# multiobj-rationale

**Repository Path**: greitzmann/multiobj-rationale

## Basic Information

- **Project Name**: multiobj-rationale
- **Description**: Multi-Objective Molecule Generation using Interpretable Substructures (ICML 2020)
- **Primary Language**: Unknown
- **License**: MIT
- **Default Branch**: master
- **Homepage**: None
- **GVP Project**: No

## Statistics

- **Stars**: 0
- **Forks**: 0
- **Created**: 2021-01-18
- **Last Updated**: 2021-01-18

## Categories & Tags

**Categories**: Uncategorized

**Tags**: None

## README

# Multi-Objective Molecule Generation using Interpretable Substructures

This is the implementation of our ICML 2020 paper: https://arxiv.org/abs/2002.03244

## Property Predictors
The property predictors for GSK3 and JNK3 are provided in `data/gsk3/gsk3.pkl` and `data/jnk3/jnk3.pkl`. For example, to predict properties of given molecules, run
```
python properties.py --prop jnk3 < data/jnk3/rationales.txt
python properties.py --prop gsk3,jnk3 < data/dual_gsk3_jnk3/rationales.txt
```

## Rationale Extraction
The rationale extraction module will produce a list of triplets `(molecule, rationale, score)`, where `molecule` is an active compound, `rationale` is a subgraph that explains the property and `score` is its predicted score. The following script uses 4 CPU cores (can be adjusted with `--ncpu` argument):
```
python mcts.py --data data/jnk3/actives.txt --prop jnk3 --ncpu 4 > jnk3_rationales.txt
python mcts.py --data data/gsk3/actives.txt --prop gsk3 --ncpu 4 > gsk3_rationales.txt
```
To construct multi-property rationales, we can merge the single-property rationales for GSK3 and JNK3:
```
python merge_rationale.py --rationale1 data/gsk3/rationales.txt --rationale2 data/jnk3/rationales.txt > gsk3_jnk3.txt
```

## Generative Model Pre-training
The molecule completion model is pre-trained on the ChEMBL dataset. To construct the training set, run
```
python preprocess.py --train data/chembl/all.txt --ncpu 4
mkdir chembl-processed
mv tensor-* chembl-processed
```
To train the molecule completion model, run
```
python gnn_train.py --train chembl-processed --save_dir ckpt/chembl-molgen
```

## GSK3 + JNK3 + QED + SA Molecule Design

This task seeks to design dual inhibitors against GSK3 and JNK3 with drug-likeness and synthetic accessibility constraints. We have already computed multi-property rationales in `data/gsk3_jnk3_qed_sa/rationales.txt`. It is a subset of GSK3-JNK3 rationales with QED > 0.6 and SA < 4.0. 

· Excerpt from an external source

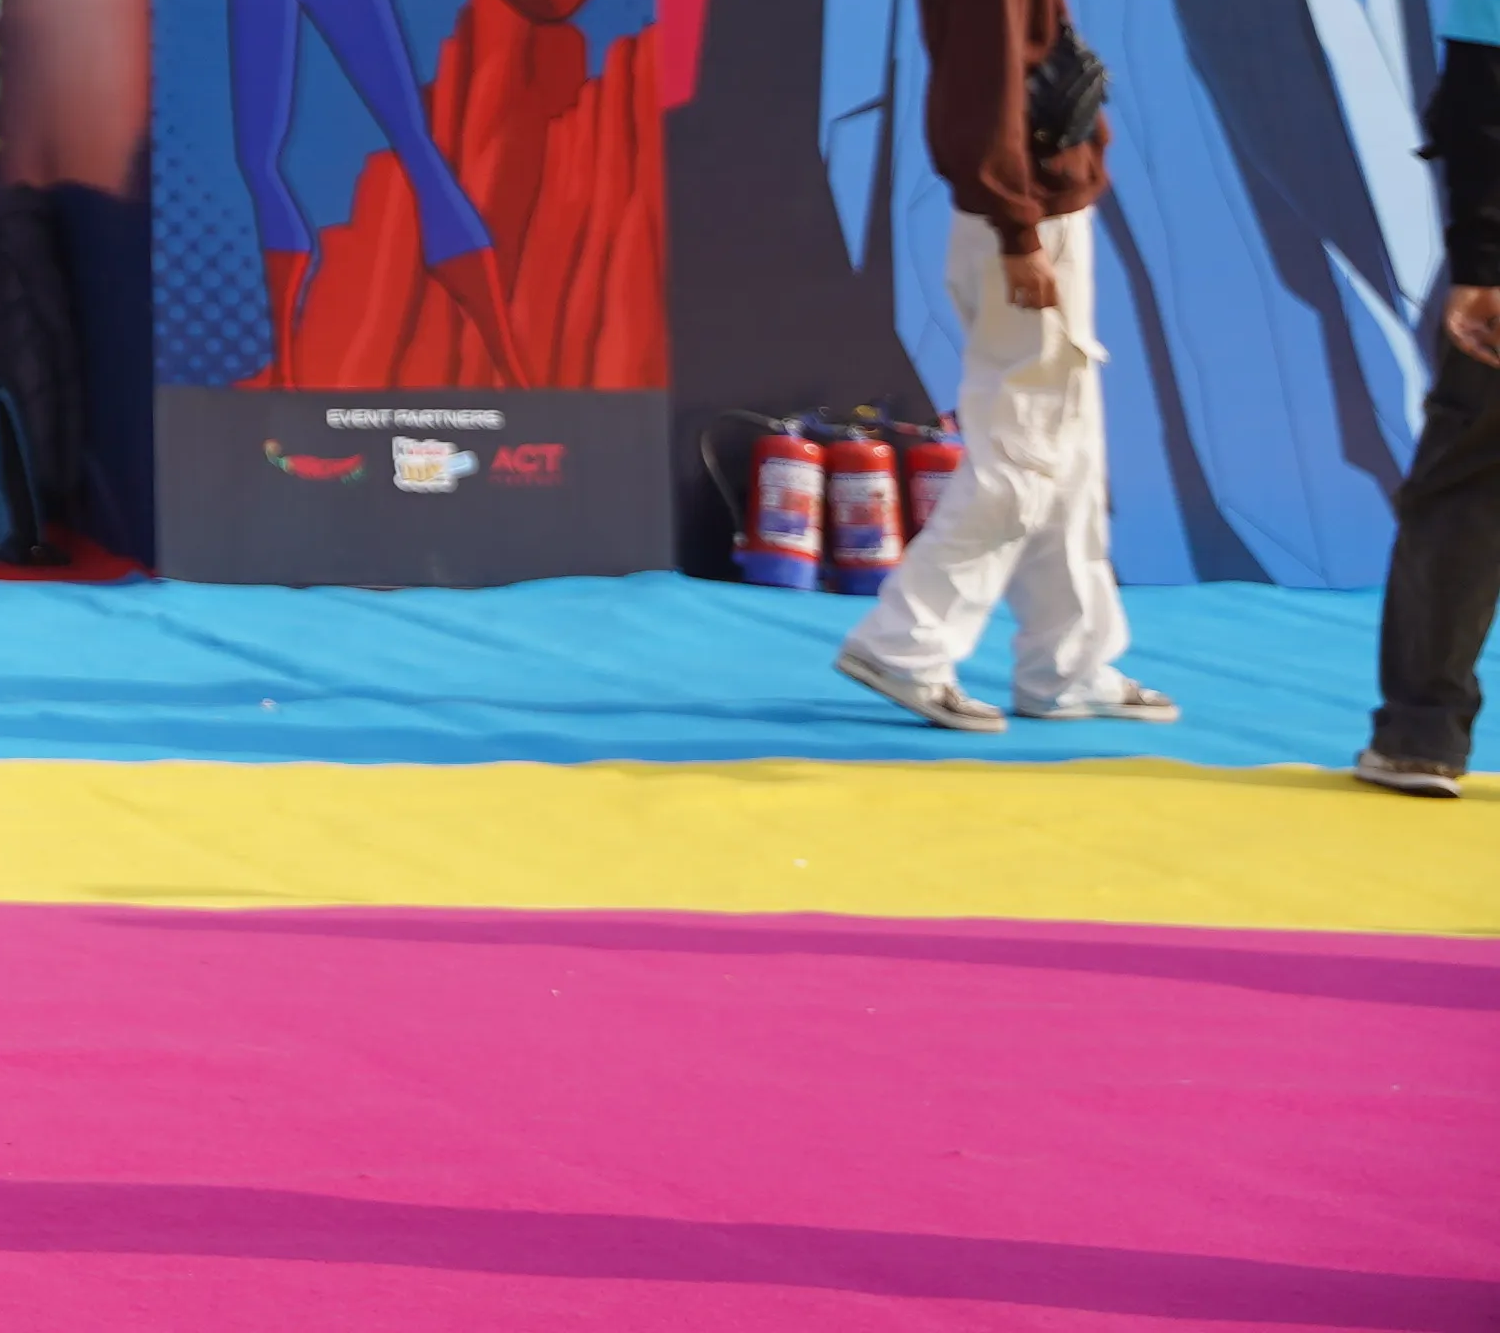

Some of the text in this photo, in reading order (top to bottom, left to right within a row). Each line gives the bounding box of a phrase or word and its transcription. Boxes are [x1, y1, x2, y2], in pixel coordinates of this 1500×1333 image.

[326, 408, 505, 431] EVENT PARTNERS
[490, 442, 567, 473] ACT

### Step 1: Fine-tuning with Policy Gradient
Given a set of rationales, the model learns to complete them into full molecules. The molecule completion model has been pre-trained on ChEMBL, and it needs to be fine-tuned so that generated molecules will satisfy all the property constraints. To fine-tune the model on the GSK3 + JNK3 + QED + SA task, run
```
python finetune.py \
  --init_model ckpt/chembl-h400beta0.3/model.20 --save_dir ckpt/tmp/ \
  --rationale data/gsk3_jnk3_qed_sa/rationales.txt --num_decode 200 --prop gsk3,jnk3,qed,sa --epoch 30 --alpha 0.5
```

### Step 2: Molecule Generation
The molecule generation script will expand the extracted rationales into full molecules. The output is a list of pairs `(rationale, molecule)`, where `molecule` is the completion of `rationale`. In the following example, each rationale is completed for 100 times, with different sampled latent vectors z.
```
python decode.py --model ckpt/gsk3_jnk3_qed_sa/model.final > outputs.txt
```

### Step 3: Evaluation
You can evaluate the outputs for the four property constraint task by
```
python properties.py --prop gsk3,jnk3,qed,sa < outputs.txt | python scripts/qed_sa_dual_eval.py --ref_path data/dual_gsk3_jnk3/actives.txt
```
Here `--ref_path` contains all the reference molecules which is used for computing the novelty score.